Unlike Gowon, Tinubu’s loans only cover tuition
According to the Act, the loans cover only tuition and are paid directly to the universities. It does not cover accommodation and living expenses. I studied at the University of Ibadan, and while I was there, my tuition was about N18,500, while my accommodation cost N14,000. Living expenses ran from N5,000 to N20,000 a month throughout my six years at the university (ASUU extended my stay).
This means my expense per annum would be N18,500 + N14,000 + 10,000 x 12 months (assuming I lived on N10,000 a month). This would total N152,500 — but the government will only loan me N18,500. That’s less than 13 percent of what I actually need.
These are parts of the Act that need reconsideration in the execution guidelines. Other countries, like the US and the UK, have it differently. To encourage female students, India has loan terms with more incentives for young ladies.
Should private universities be involved?
Currently, the loans cover Universities, Polytechnics, Colleges of Education, and Vocational Schools established by the federal government and state governments. This effectively excludes private universities.
The entire idea of student loans started as financial aid in the 1600s at a private university in the United States — this was Harvard University. Yes, Harvard and in fact, most top universities in the US are private universities. There are fewer private universities in the UK, but both countries offer government-backed student loans to private universities.
I believe private universities should be included — but maybe it’s too early in the day to ask for that.
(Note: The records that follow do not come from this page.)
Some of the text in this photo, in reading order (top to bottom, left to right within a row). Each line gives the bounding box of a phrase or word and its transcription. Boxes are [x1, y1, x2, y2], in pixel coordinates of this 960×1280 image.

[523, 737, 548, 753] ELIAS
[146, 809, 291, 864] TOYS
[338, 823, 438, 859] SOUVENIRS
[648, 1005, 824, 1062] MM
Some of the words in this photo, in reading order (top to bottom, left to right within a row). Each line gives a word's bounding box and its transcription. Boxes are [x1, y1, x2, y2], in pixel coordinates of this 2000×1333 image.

Many private university students already take loans for their fees, imagine how excited they’d be to get interest-free loans.
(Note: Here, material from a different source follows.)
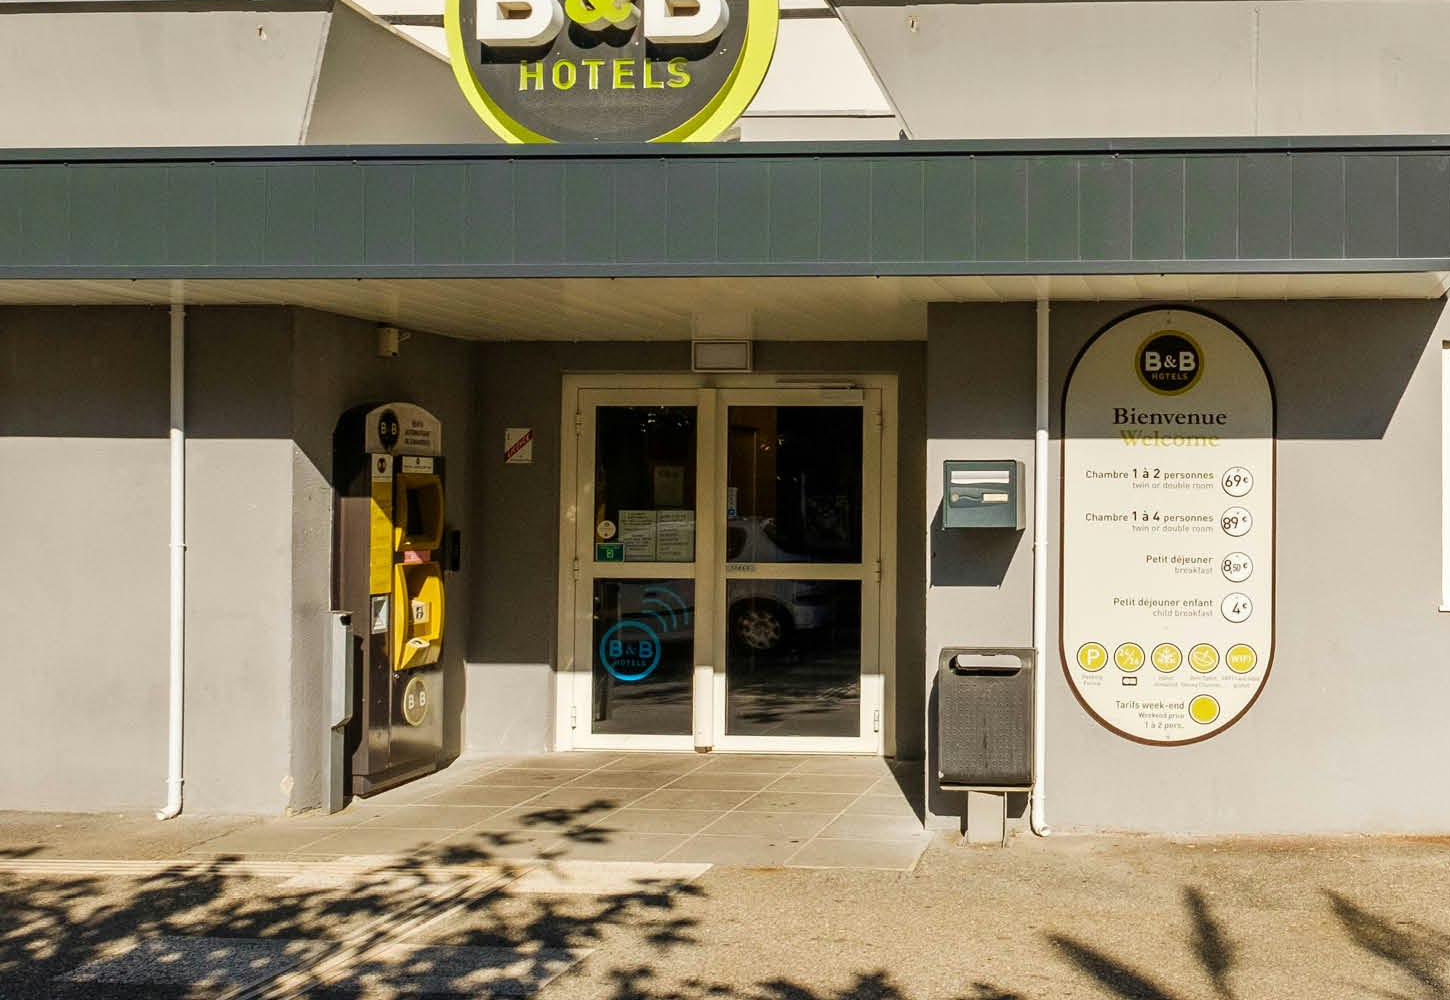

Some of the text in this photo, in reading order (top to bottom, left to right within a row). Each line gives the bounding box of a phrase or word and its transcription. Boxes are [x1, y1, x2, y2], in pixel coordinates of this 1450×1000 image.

According to the Act, Nigerians who take student loans are expected to start paying two years after completing the National Youth Service Corps (NYSC). The education loan fund is mandated to work with the student and their employers to deduct the funds at the source — the PAYE way.
This makes sense but could make even more sense. The Act says employers shall deduct 10% of salary, which means it does not take time into consideration. Let me explain. If my total student loan was N200,000 upon graduation, and my first salary is N100,000 a month, the education fund will take N10,000 every month for 20 months, and I’d be debt free.
A lot of Nigerians will culturally like that because we don’t like debt. However, if we are trying to build a society where credit history matters, I’d recommend we do it differently. Let’s have options. I’m earning N100,000, can I pay N1,000 a month? I’d be done paying my debt in about eight years without feeling a pinch (Gowon’s loans gave 20 years for repayment). Or can I decide I want to feel the pinch and pay off the N200,000 in four months?
Jail term if you can’t pay back?
The Act is silent on Nigerians who do not get a job two years after NYSC but prescribes a two-year jail term for loan defaulters. If I do not get a job after two years, will I be considered a defaulter?
Will I go to jail for being unemployed? The answers are likely no, but implementation guidelines need to be clear on this.
What does this mean for you?
Conclusively, the Loan Act means tuition fees will no longer be an excuse for Nigerian students not to get higher education. It also means more targeted funding for employable education, and some national debt burden to repay in the future — if not properly managed.
For context, the US federal student loans went from $0 to $1.7 trillion in 64 years. This is unlikely to happen to us, majorly because there are no compound interests to pay on the debt. But we must be conscious and not let this happen to us.
Student loans should help the poor and not become the government’s first step to higher fees in higher education.